I had a boyfriend at the time. He had been at my place earlier that same evening. He brought with him a bottle of wine and an understanding that he'd be having an enjoyable night. My roommate was out of town, so the place was all mine for the night, so it went without saying that there would be sex, of course. Yes, the place was all mine, yet it turns out, I didn't feel like sharing it with him. Maybe we fought, maybe I just asked him to leave, but he left angry, disappointed and out some wine. And I got on the phone.
I knew Mark was in love with me. I knew he was attracted to me. I knew I loved him and was attracted to him. I knew I was alone and had the whole night ahead of me. I knew if he came over that night, we'd make love. And I desperately wanted to. I wanted him like I wanted to gasp for air after being tumbled underwater in the ocean. He knew it too, and tried hard to convince himself, to convince me, that he should stay away. After all, I had a boyfriend. But I asked him to come, begged him to come, and he came.
It was a winter night and we took a walk in the snow, our breath hanging in the crisp, clear, moonlit air, as we postponed the inevitable. When we came back to my place, on the sofa, kissing, I whispered, "I'm yours." I got up to get the lights, a condom, and I turned across the darkened room to see his silhouette against the window, dark skin darker than the winter sky.
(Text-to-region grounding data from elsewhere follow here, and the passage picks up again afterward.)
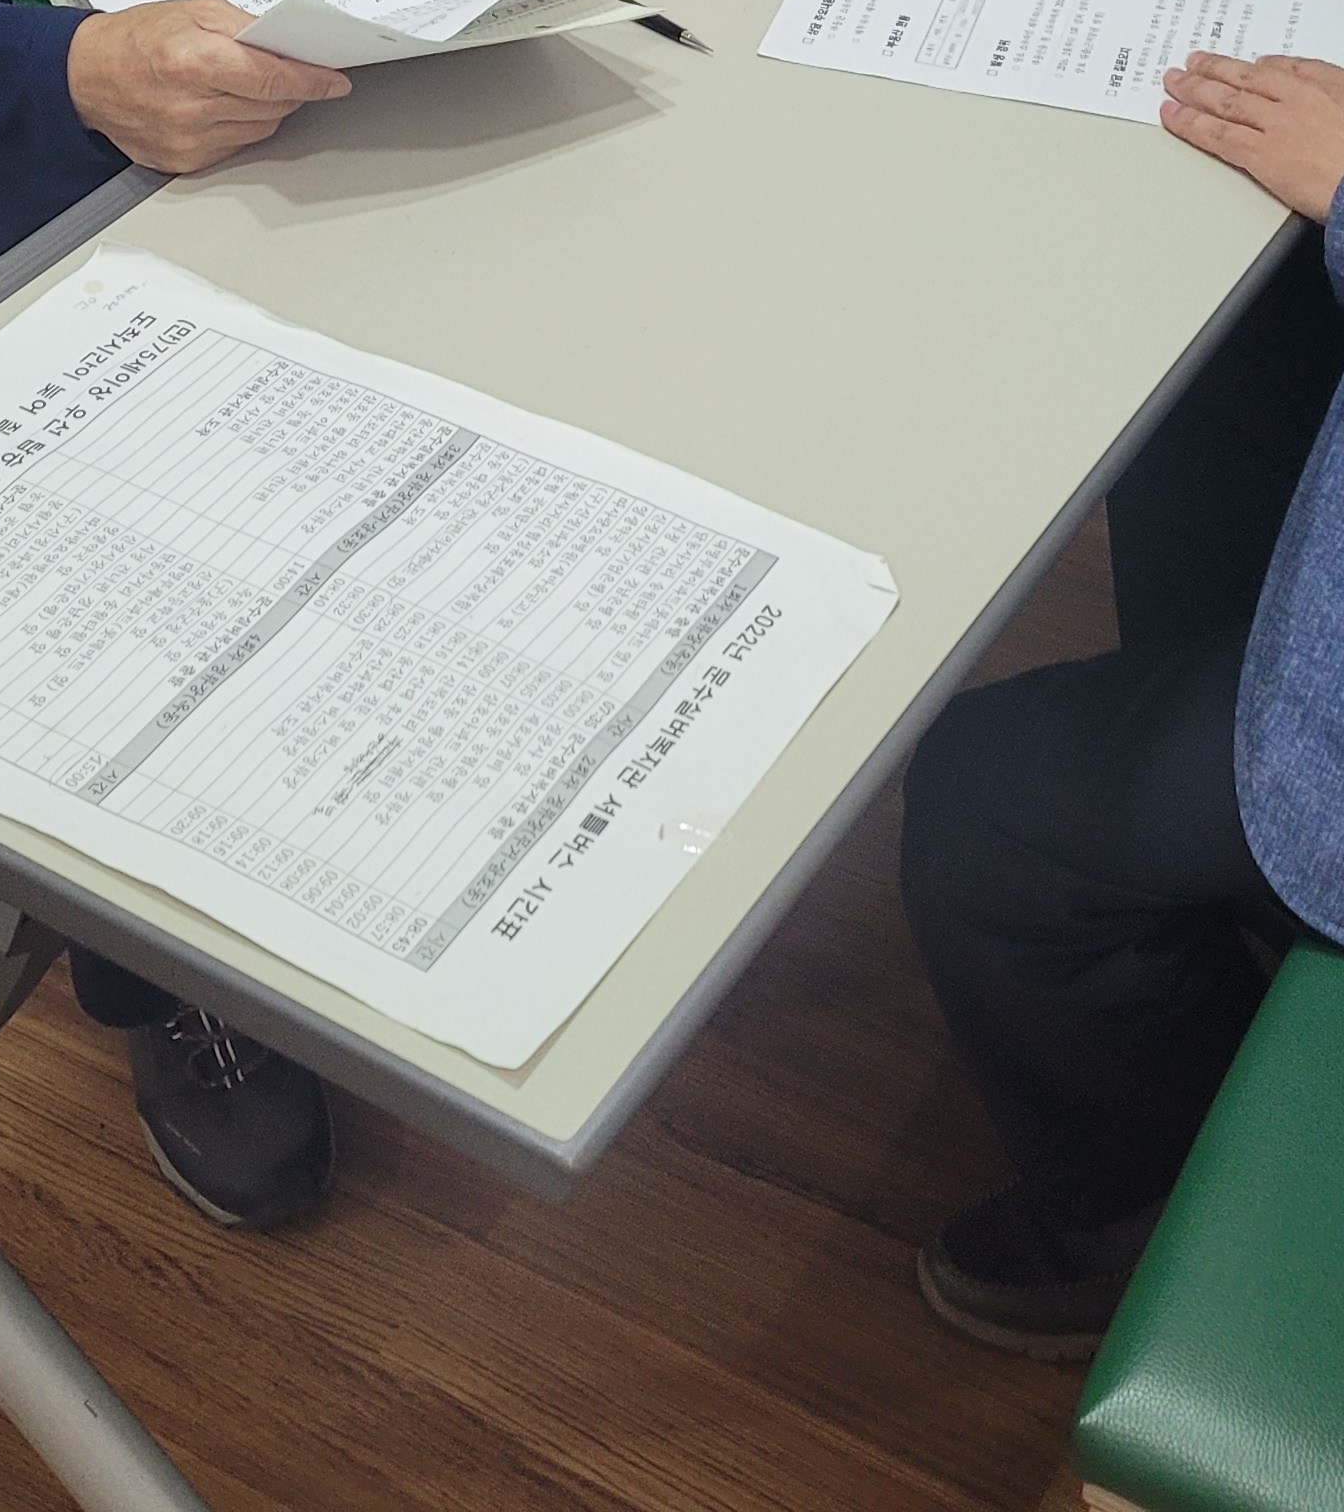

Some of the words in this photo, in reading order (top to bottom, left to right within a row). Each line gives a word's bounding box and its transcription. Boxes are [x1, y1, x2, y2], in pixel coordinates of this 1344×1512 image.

[60, 310, 161, 382] 도착시간이
[82, 317, 200, 403] (만)75세이상
[15, 381, 68, 416] 늦어
[39, 401, 93, 438] 우선
[290, 570, 326, 597] 시간
[721, 602, 784, 662] 2022년
[613, 664, 733, 790] 문수실버복지관
[85, 767, 123, 797] 시간
[166, 802, 209, 838] 09:20
[545, 790, 628, 873] 셔틀버스
[232, 834, 274, 871] 09:14
[254, 845, 296, 882] 09:12
[320, 880, 363, 918] 09:04
[342, 892, 385, 931] 09:02
[487, 874, 558, 943] 시간표
[366, 904, 408, 943] 08:57
[388, 915, 430, 954] 08:45
I watched the way his body moved undressing: movements I've seen a hundred times since, movements I watched again this morning as he got ready for work. I was in awe of his beauty. And he of mine.
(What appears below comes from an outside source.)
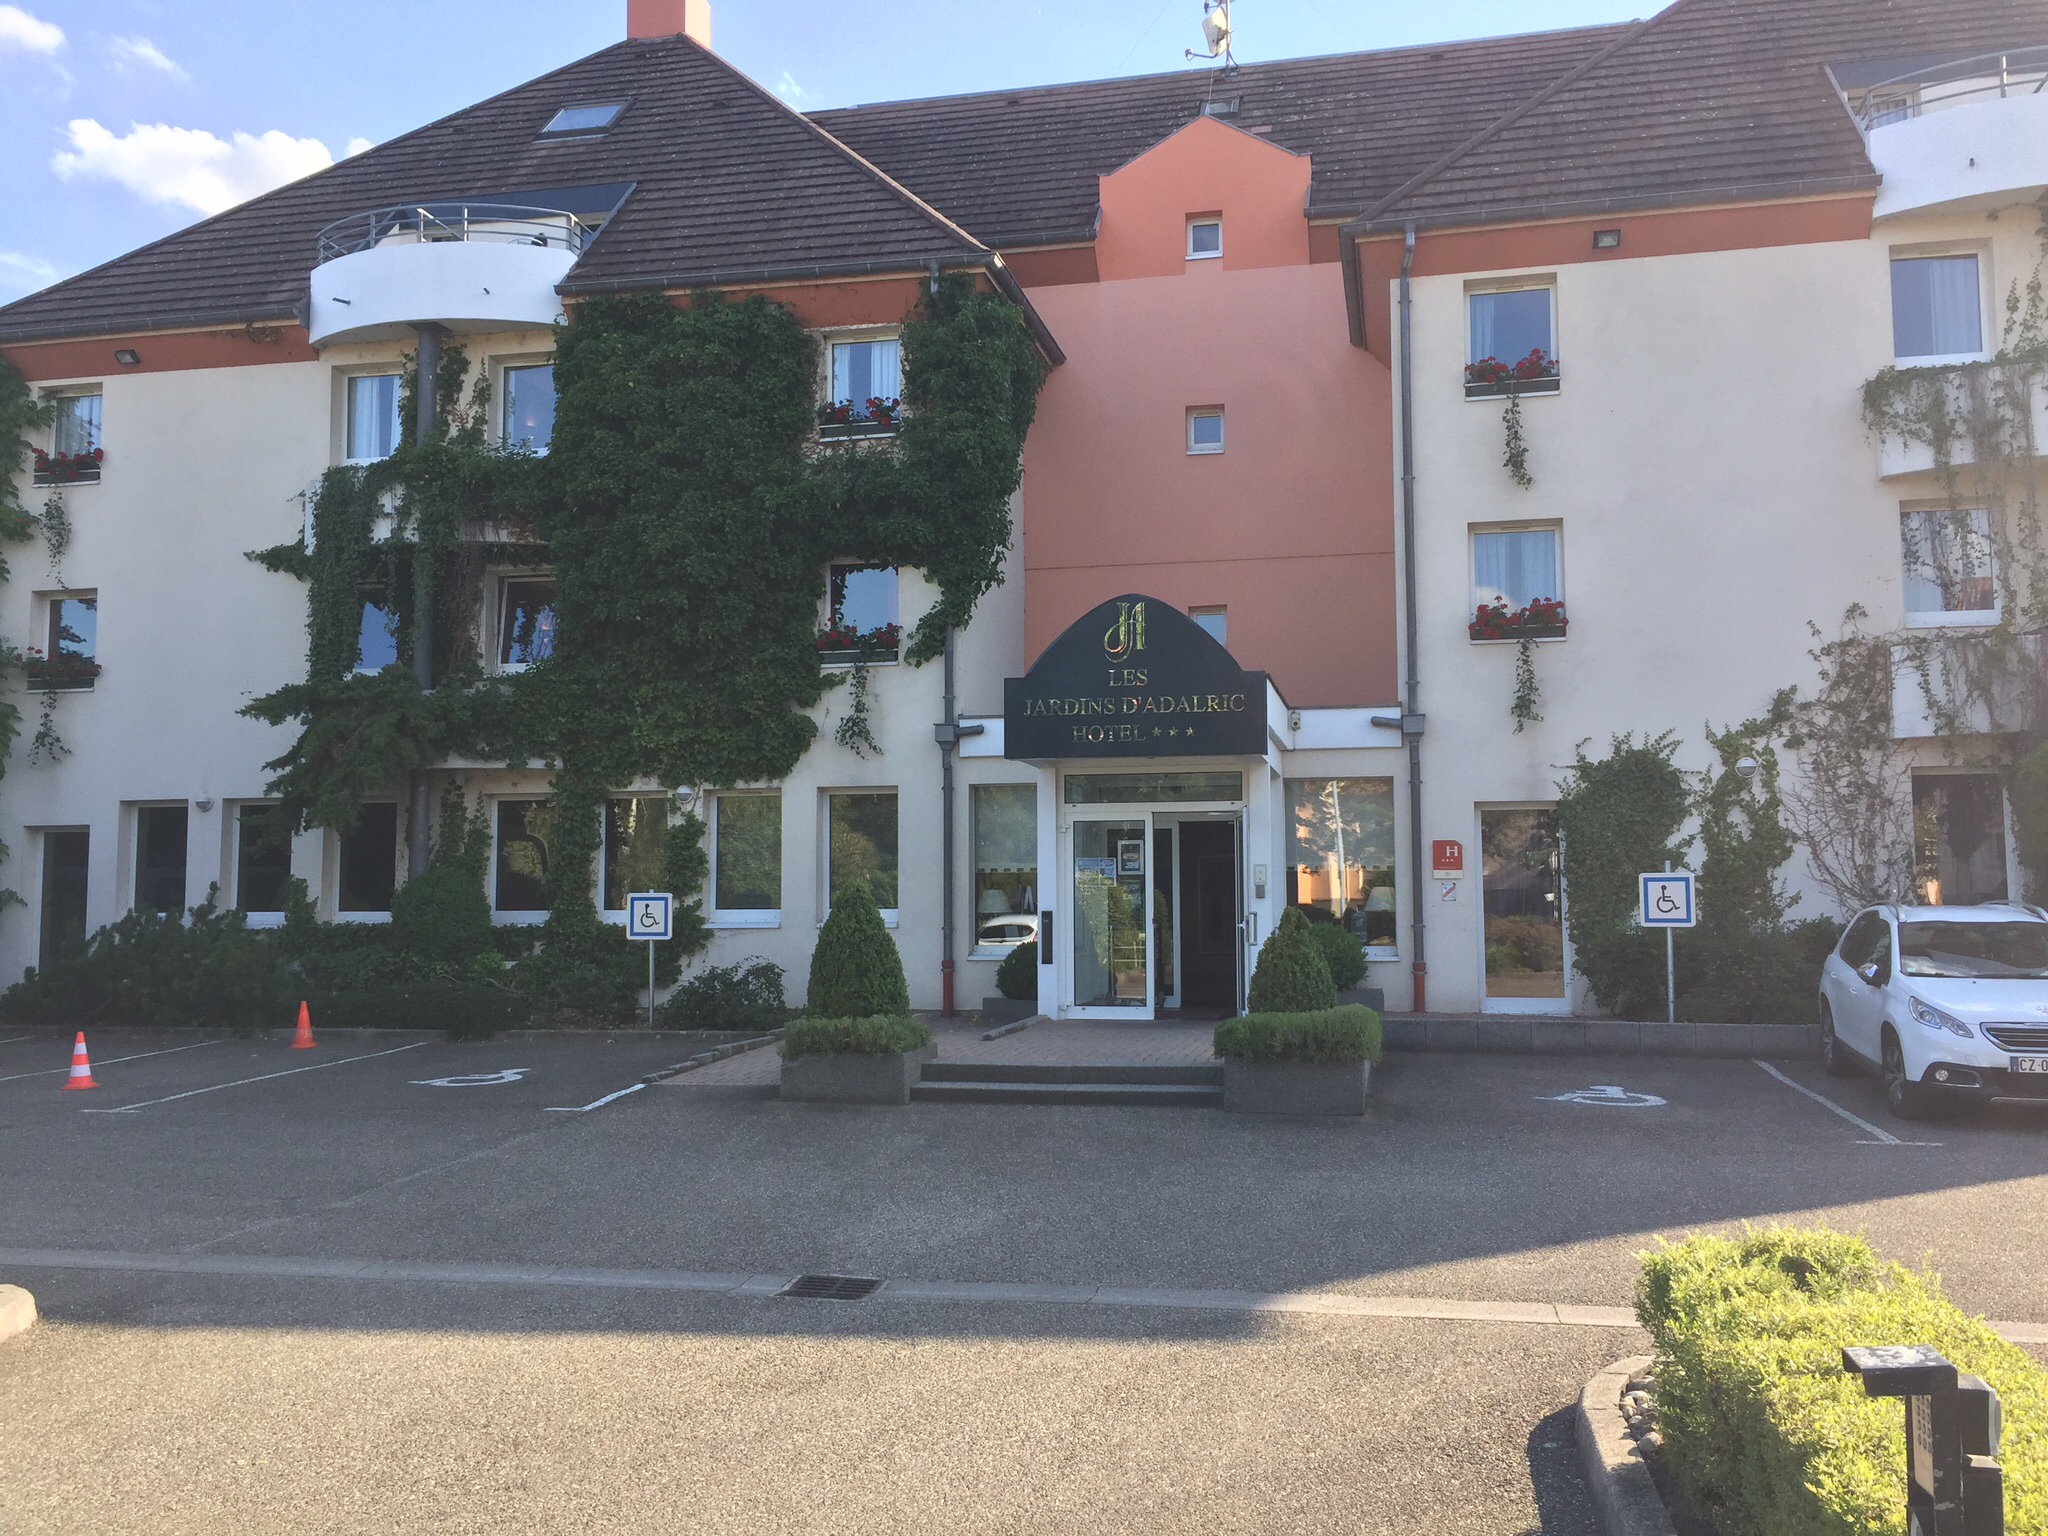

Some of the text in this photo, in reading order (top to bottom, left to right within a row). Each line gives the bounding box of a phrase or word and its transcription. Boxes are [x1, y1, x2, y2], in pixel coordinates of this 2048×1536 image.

His eyes opened wide when he saw me for the first time, wider still when he touched me, and I heard his sharp intake of breath. I felt like the most beautiful woman in the world. I felt like I was giving him a great gift and that my body, my sexuality, my femininity, my whole self -- not just body, but mind and soul -- were wholly accepted, treasured, cherished and loved. I was special. We were special. This was True Love.
We never made it to the bedroom, but lay twined together on the living room floor until dawn crept in soft through the windows. And for days afterwards, I could smell the deep musky smell of him on my hands and body, lingering with me, no matter how many times I washed, as if he were ingrained in me, still telling me he loved me.
Overlaid on this picture is what I know now: that he had never been faithful to his previous girlfriend; that the flings he was telling me about, casting in the distant past, were happening as he and I were flirting, falling in love, moving toward a sexual relationship; that he didn't struggle to stay away from me that night because of my boyfriend, but because he'd only just completed treatment for a sexual transmitted disease he picked up during a one night stand with a woman whose name he didn't quite remember and he wasn't yet sure he was disease free; that other women since then have seen the same movements and the same silhouette and maybe even thought they were my husband's True Love too.
There was a time when that overlay, that horrible ghost image, was all I could see; it blotted out the original for a time. It's still there now -- giving me a fuller, rougher picture than the soft blurred edges of my early twenties -- but the new lines don't cut anymore; they just are. And my husband -- older, more familiar, less romanticized, more real than that first night -- is still just as beautiful to me silhouetted against our window today as he was nearly twenty years ago.